AI Decision Consistency vs Local Flexibility
Define configurable local parameters within a common governed algorithm architecture to satisfy EU AI Act transparency and consistency requirements.
CyberTRIZ analysis · SmartCity contradiction C13-SC018 · one of 8,235 worked contradictions published by CyberTRIZ.AI
Regulations
Business Context
Artificial Intelligence promotes standardized decision-making by applying consistent analytical models across an entire municipality. Standardization improves fairness and operational efficiency, but individual neighborhoods, infrastructure assets, and citizen populations often have unique characteristics that require localized decisions. Municipalities must achieve consistent AI governance while preserving operational flexibility.
Smart CityTRIZ Resolution
Rather than deploying identical AI models everywhere, municipalities should establish standardized core algorithms supported by configurable local parameters that reflect neighborhood characteristics, environmental conditions, and operational priorities.

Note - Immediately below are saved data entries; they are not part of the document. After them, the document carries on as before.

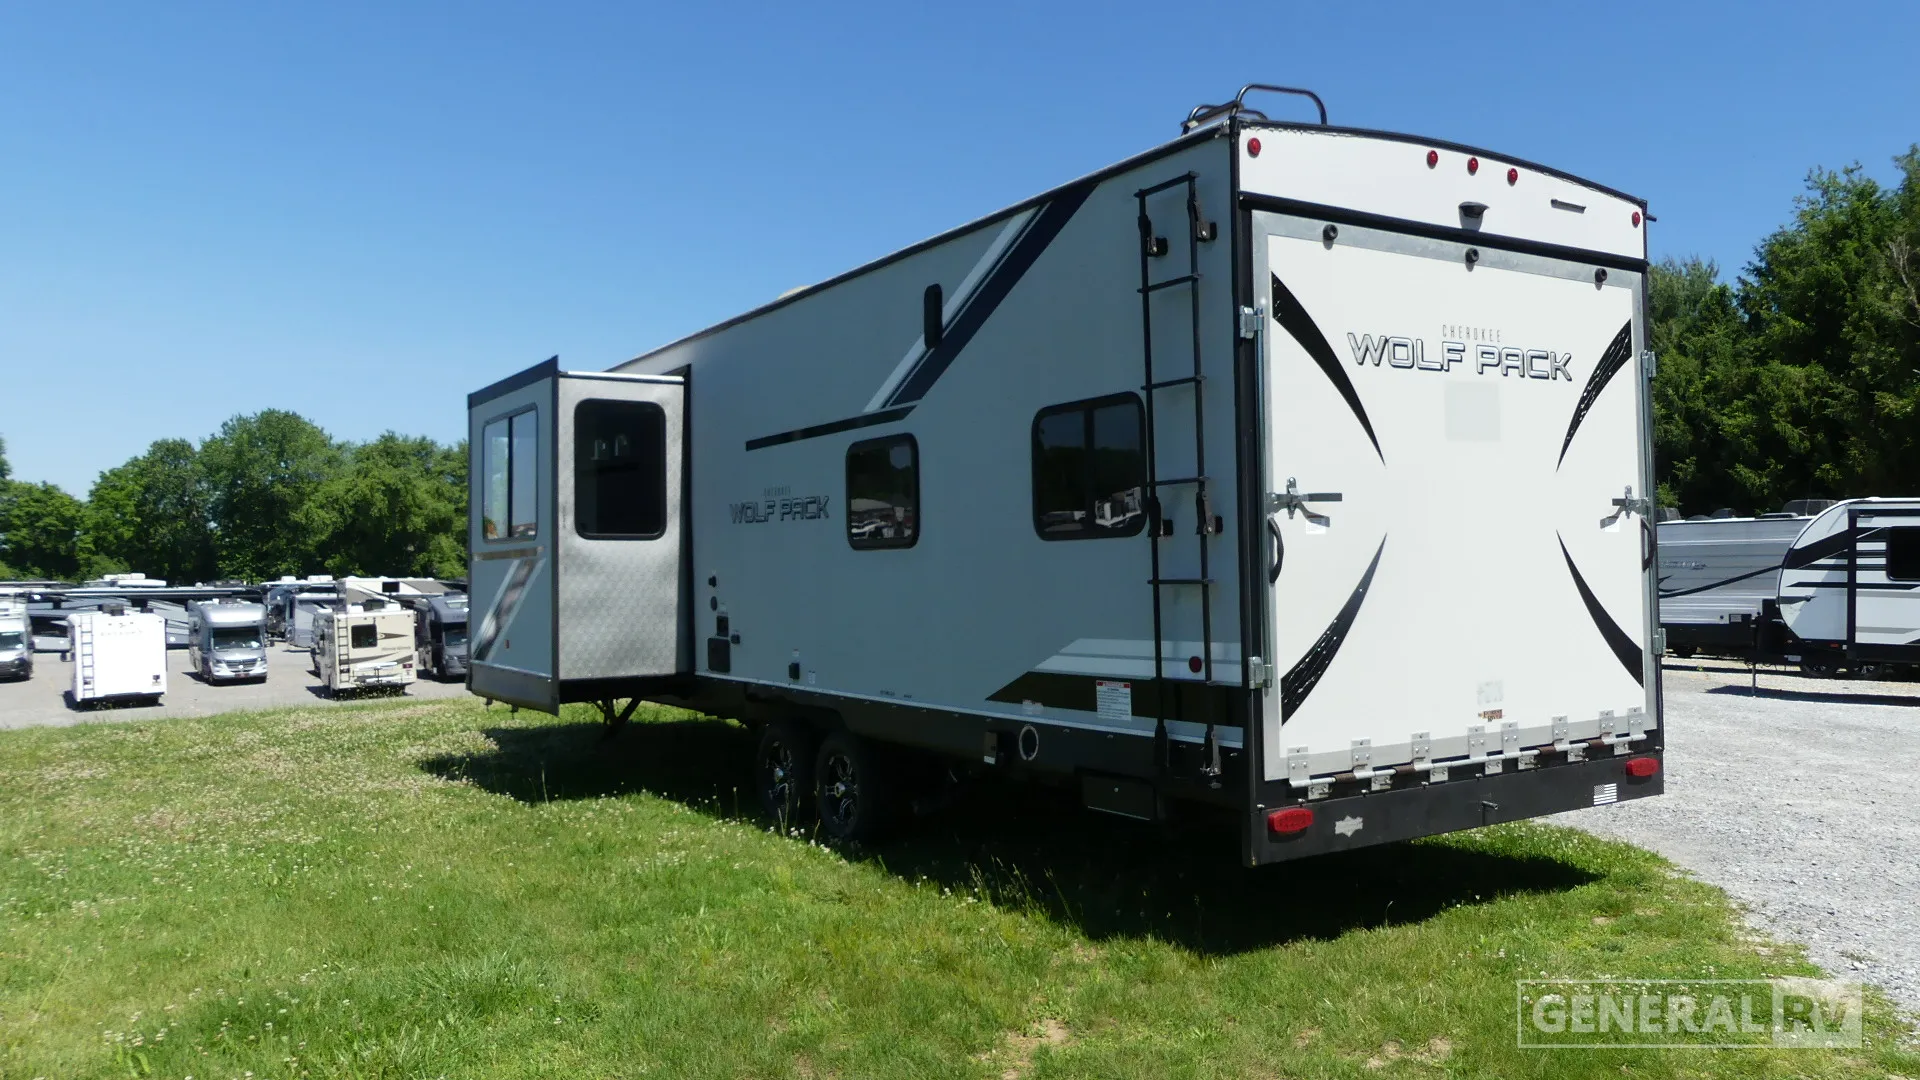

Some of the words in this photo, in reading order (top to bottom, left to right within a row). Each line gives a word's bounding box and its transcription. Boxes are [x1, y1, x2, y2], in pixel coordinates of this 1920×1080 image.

[1442, 324, 1500, 342] CHEROKEE
[1347, 332, 1465, 371] WOLF
[1476, 345, 1572, 381] PACK
[729, 500, 776, 524] WOLF
[780, 495, 830, 521] PACK
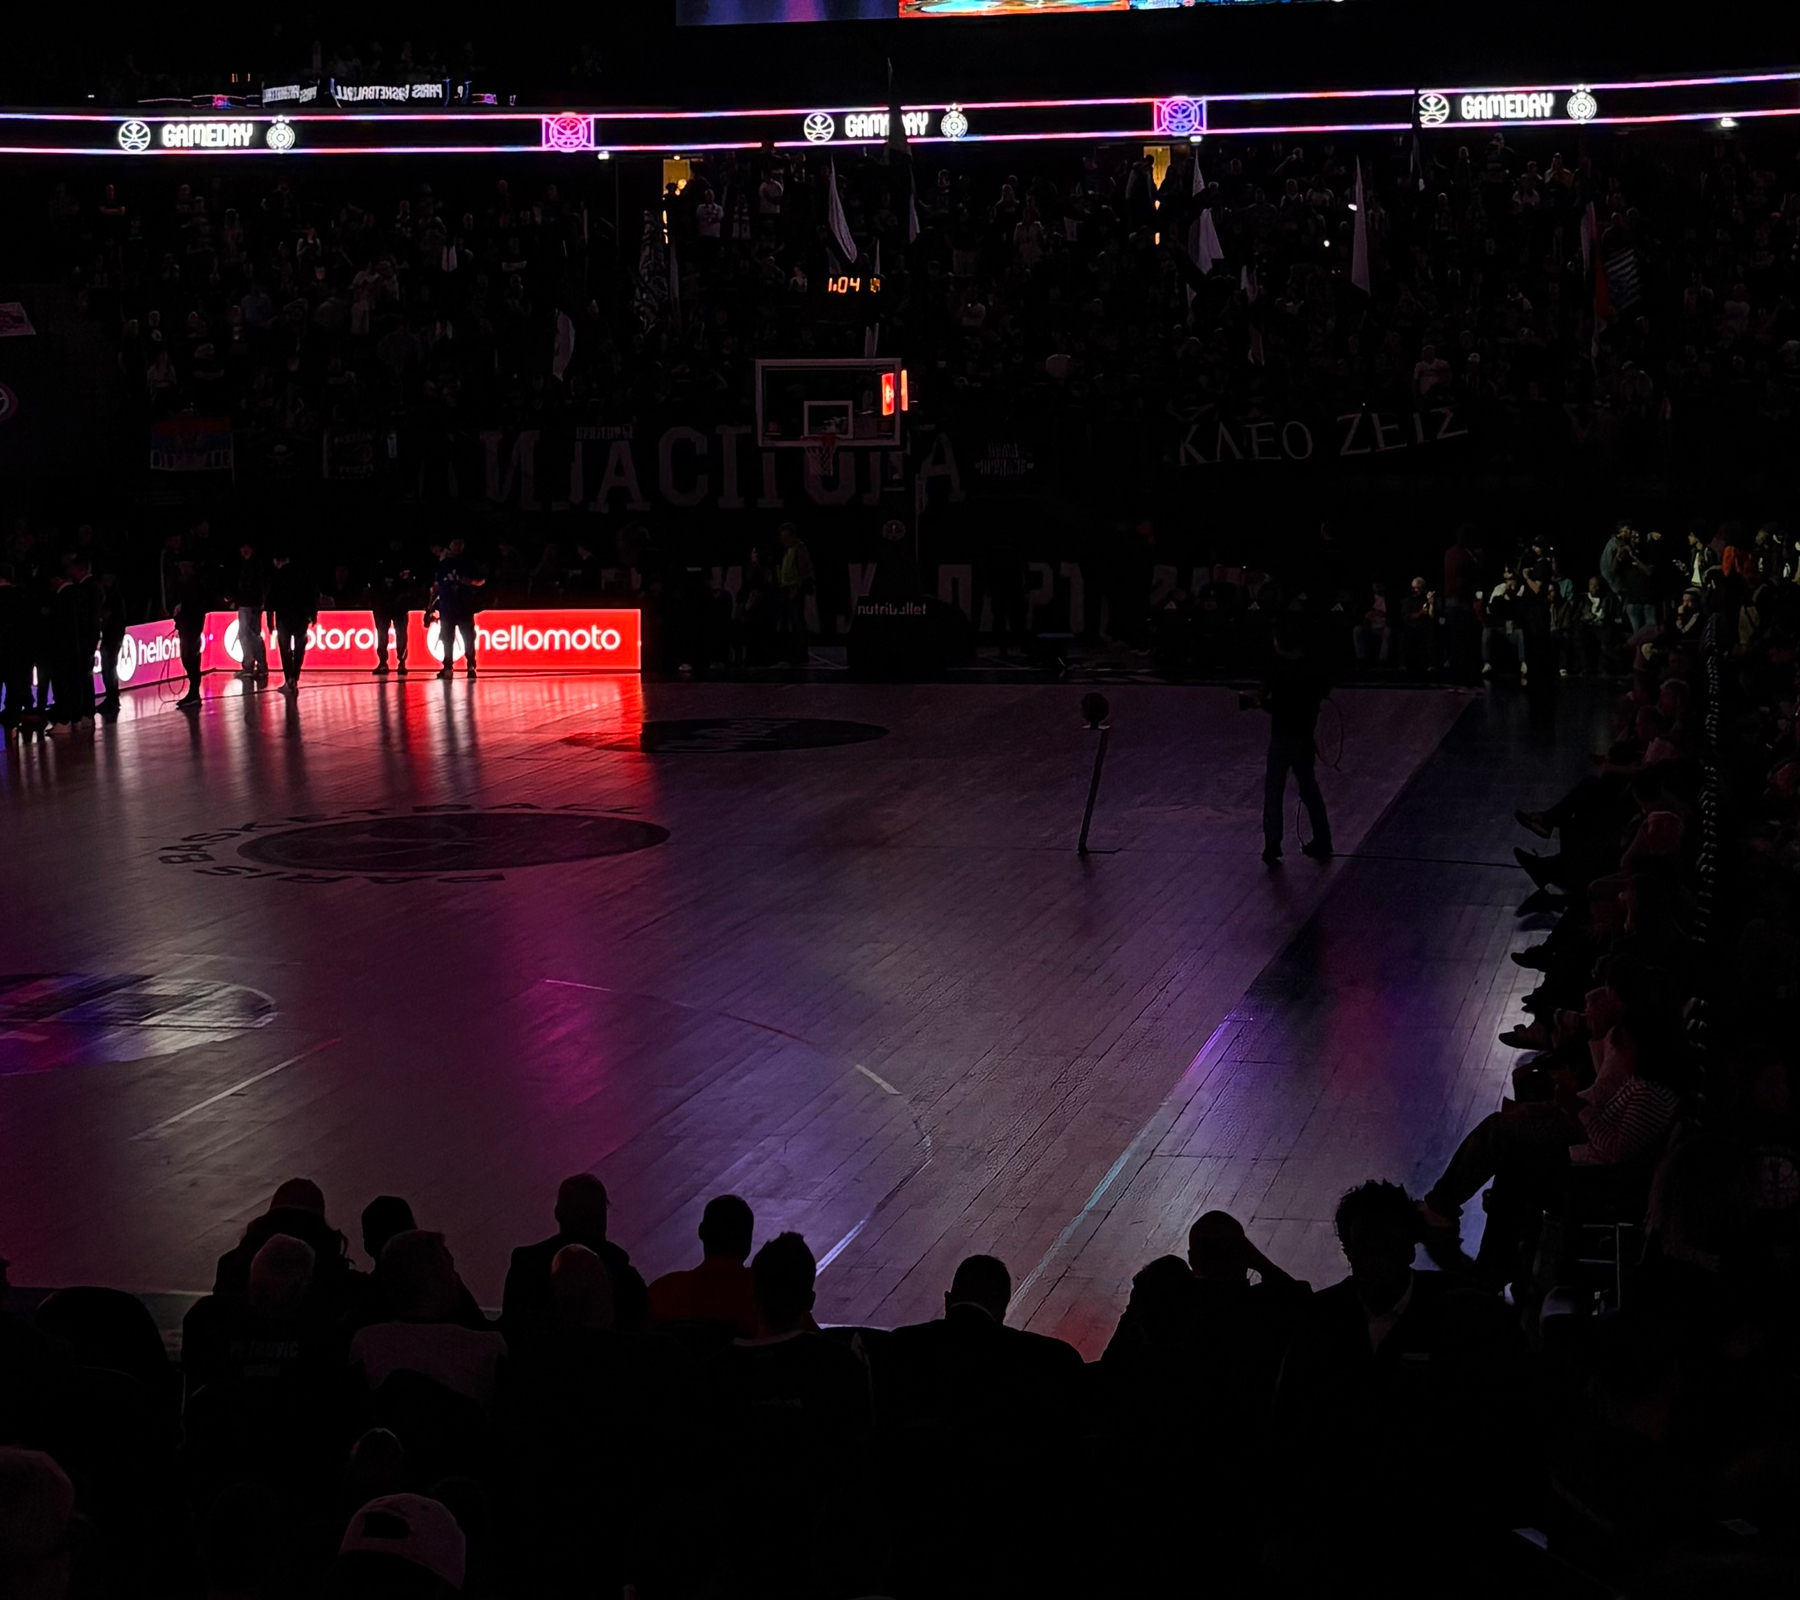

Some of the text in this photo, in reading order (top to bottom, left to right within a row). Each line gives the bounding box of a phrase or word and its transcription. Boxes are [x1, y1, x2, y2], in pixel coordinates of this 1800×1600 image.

Applicable TRIZ Principles
Principle 3 – Local Quality adapts AI behavior according to local operating conditions.
Principle 15 – Dynamics allows models to adjust as conditions evolve.
Principle 6 – Universality maintains a common AI governance framework across departments.
Expected Outcome
Consistent governance
Better local decisions
Improved operational effectiveness
Greater citizen satisfaction
Decision Indicators
Early indicators that AI requires greater flexibility include:
Local operators override AI recommendations frequently.
Performance varies significantly between districts.
Citizen feedback differs across neighborhoods.
AI models fail to reflect local priorities.
Manual adjustments become increasingly common.
Monitoring these indicators supports adaptive AI deployment.